» **Exercise objective**: Go through the listing below and output it word for word.

» **Records shown**:
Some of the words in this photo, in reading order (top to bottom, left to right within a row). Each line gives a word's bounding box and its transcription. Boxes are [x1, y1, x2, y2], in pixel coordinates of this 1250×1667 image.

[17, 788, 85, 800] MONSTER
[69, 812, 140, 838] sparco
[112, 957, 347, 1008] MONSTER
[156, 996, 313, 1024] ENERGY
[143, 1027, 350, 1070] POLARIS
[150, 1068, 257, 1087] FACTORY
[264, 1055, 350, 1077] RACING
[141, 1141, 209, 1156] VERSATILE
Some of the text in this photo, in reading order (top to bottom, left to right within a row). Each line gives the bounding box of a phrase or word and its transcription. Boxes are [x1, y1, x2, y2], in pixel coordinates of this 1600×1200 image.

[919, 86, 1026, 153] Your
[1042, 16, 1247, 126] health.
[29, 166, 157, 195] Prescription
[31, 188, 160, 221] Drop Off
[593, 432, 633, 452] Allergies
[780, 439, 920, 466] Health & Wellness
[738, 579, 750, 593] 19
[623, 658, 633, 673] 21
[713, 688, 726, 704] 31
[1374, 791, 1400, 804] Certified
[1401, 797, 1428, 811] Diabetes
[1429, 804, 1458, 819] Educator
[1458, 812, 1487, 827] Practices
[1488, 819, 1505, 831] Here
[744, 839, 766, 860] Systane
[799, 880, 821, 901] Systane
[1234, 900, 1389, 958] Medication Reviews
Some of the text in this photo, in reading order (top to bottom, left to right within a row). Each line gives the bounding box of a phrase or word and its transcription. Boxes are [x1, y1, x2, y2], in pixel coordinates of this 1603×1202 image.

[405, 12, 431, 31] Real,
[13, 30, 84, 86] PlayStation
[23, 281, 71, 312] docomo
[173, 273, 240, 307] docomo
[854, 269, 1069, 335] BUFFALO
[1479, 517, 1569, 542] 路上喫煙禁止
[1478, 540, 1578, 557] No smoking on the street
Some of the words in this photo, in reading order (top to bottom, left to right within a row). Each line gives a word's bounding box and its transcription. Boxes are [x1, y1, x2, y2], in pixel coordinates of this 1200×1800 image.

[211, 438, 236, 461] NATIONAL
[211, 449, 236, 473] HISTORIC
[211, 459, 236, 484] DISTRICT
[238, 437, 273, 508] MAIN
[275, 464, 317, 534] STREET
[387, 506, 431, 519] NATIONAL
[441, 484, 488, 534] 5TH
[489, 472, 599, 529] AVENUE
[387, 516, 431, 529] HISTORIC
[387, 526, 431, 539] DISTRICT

» **Completed exercise**:
Some of the words in this photo, in reading order (top to bottom, left to right within a row). Each line gives a word's bounding box and its transcription. Boxes are [x1, y1, x2, y2], in pixel coordinates of this 1250×1667 image.

[17, 788, 85, 800] MONSTER
[69, 812, 140, 838] sparco
[112, 957, 347, 1008] MONSTER
[156, 996, 313, 1024] ENERGY
[143, 1027, 350, 1070] POLARIS
[150, 1068, 257, 1087] FACTORY
[264, 1055, 350, 1077] RACING
[141, 1141, 209, 1156] VERSATILE
Some of the text in this photo, in reading order (top to bottom, left to right within a row). Each line gives the bounding box of a phrase or word and its transcription. Boxes are [x1, y1, x2, y2], in pixel coordinates of this 1600×1200 image.

[919, 86, 1026, 153] Your
[1042, 16, 1247, 126] health.
[29, 166, 157, 195] Prescription
[31, 188, 160, 221] Drop Off
[593, 432, 633, 452] Allergies
[780, 439, 920, 466] Health & Wellness
[738, 579, 750, 593] 19
[623, 658, 633, 673] 21
[713, 688, 726, 704] 31
[1374, 791, 1400, 804] Certified
[1401, 797, 1428, 811] Diabetes
[1429, 804, 1458, 819] Educator
[1458, 812, 1487, 827] Practices
[1488, 819, 1505, 831] Here
[744, 839, 766, 860] Systane
[799, 880, 821, 901] Systane
[1234, 900, 1389, 958] Medication Reviews
Some of the text in this photo, in reading order (top to bottom, left to right within a row). Each line gives the bounding box of a phrase or word and its transcription. Boxes are [x1, y1, x2, y2], in pixel coordinates of this 1603×1202 image.

[405, 12, 431, 31] Real,
[13, 30, 84, 86] PlayStation
[23, 281, 71, 312] docomo
[173, 273, 240, 307] docomo
[854, 269, 1069, 335] BUFFALO
[1479, 517, 1569, 542] 路上喫煙禁止
[1478, 540, 1578, 557] No smoking on the street
Some of the words in this photo, in reading order (top to bottom, left to right within a row). Each line gives a word's bounding box and its transcription. Boxes are [x1, y1, x2, y2], in pixel coordinates of this 1200×1800 image.

[211, 438, 236, 461] NATIONAL
[211, 449, 236, 473] HISTORIC
[211, 459, 236, 484] DISTRICT
[238, 437, 273, 508] MAIN
[275, 464, 317, 534] STREET
[387, 506, 431, 519] NATIONAL
[441, 484, 488, 534] 5TH
[489, 472, 599, 529] AVENUE
[387, 516, 431, 529] HISTORIC
[387, 526, 431, 539] DISTRICT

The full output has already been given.